Tasks with high computational requirements, such as tomographic or satellite image reconstruction, combinational problems or computer image recognition would benefit from the high computational capabilities at low price of the hardware devices used in videogame stations or the graphics processing units of personal computers.
This idea culminated in 2003, when Mark Harris, a PhD student at North Carolina University at Chapel Hill (www.unc.edu), now working for the multinational company NVidia, used the computational power offered by a graphics processing unit (GPU) of a personal computer to simulate and render real time images of the physical processes involved in the formation of clouds. Since then, the term GPGPU (General Purpose computing on Graphics Processing Units www.gpgpu.org ) was acquired for the use of graphic processing hardware in more general applications. Currently, this alternative use of the videogame stations and GPUs is being applied in collaborative projects such as Folding@Home (http://folding.stanford.edu).

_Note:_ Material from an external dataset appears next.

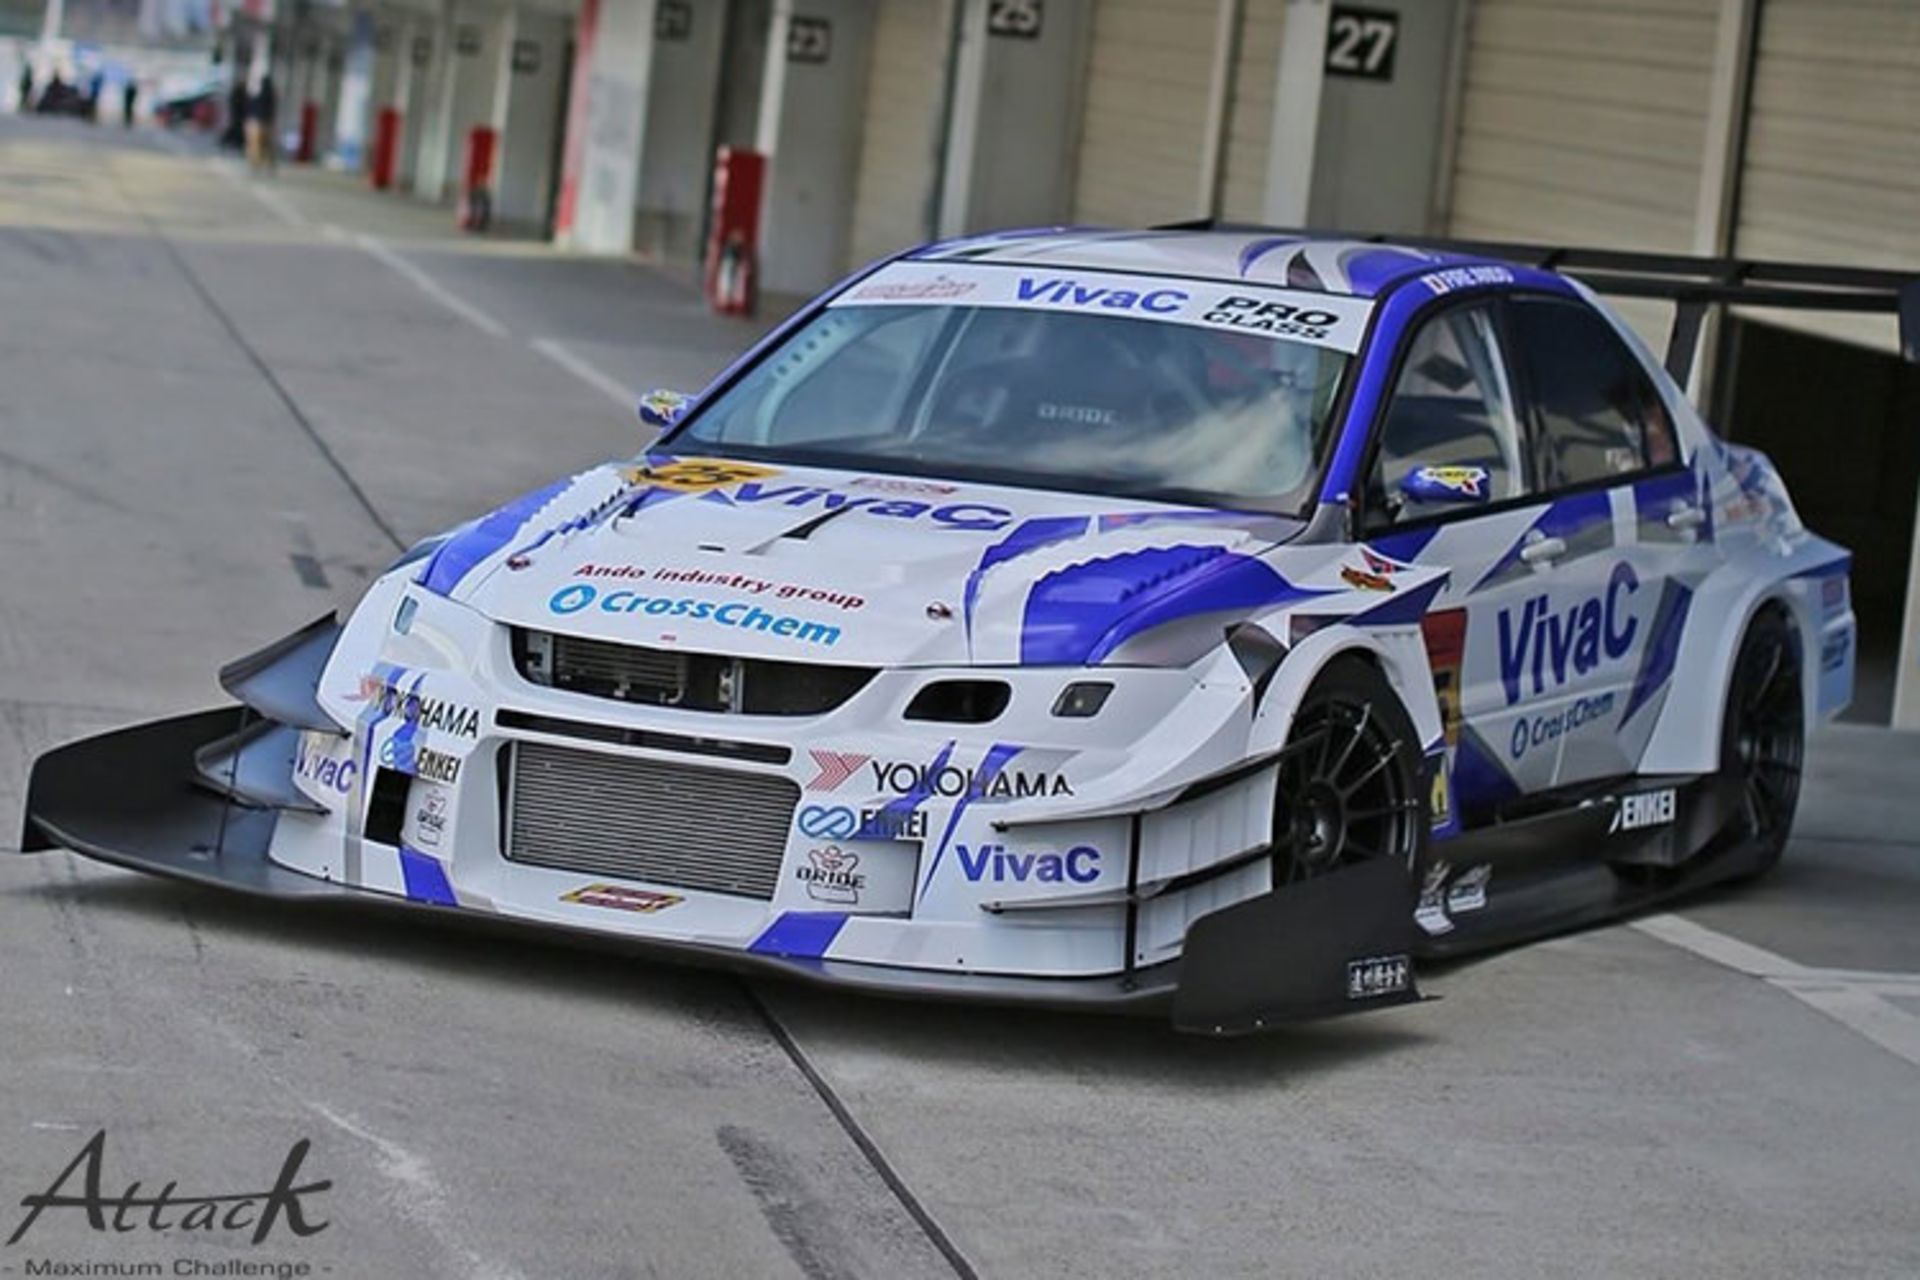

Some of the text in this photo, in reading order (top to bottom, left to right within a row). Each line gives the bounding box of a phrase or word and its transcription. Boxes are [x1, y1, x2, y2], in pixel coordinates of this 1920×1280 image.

The present focus of the researchers of the High Performance Computation and Optimization Team (www.gavab.es/capo) part of the GAVAB group (www.gavab.es) at the Rey Juan Carlos University (www.urjc.es) the is project V-ATRAP. The objective of this project is to prove the benefits that this type of technology has to offer as a computing unit for new tasks such as visual recognition and tracing, both very useful applied to real-time video surveillance and offering of up to 14 times faster performances than the existing solution based on the traditional computers.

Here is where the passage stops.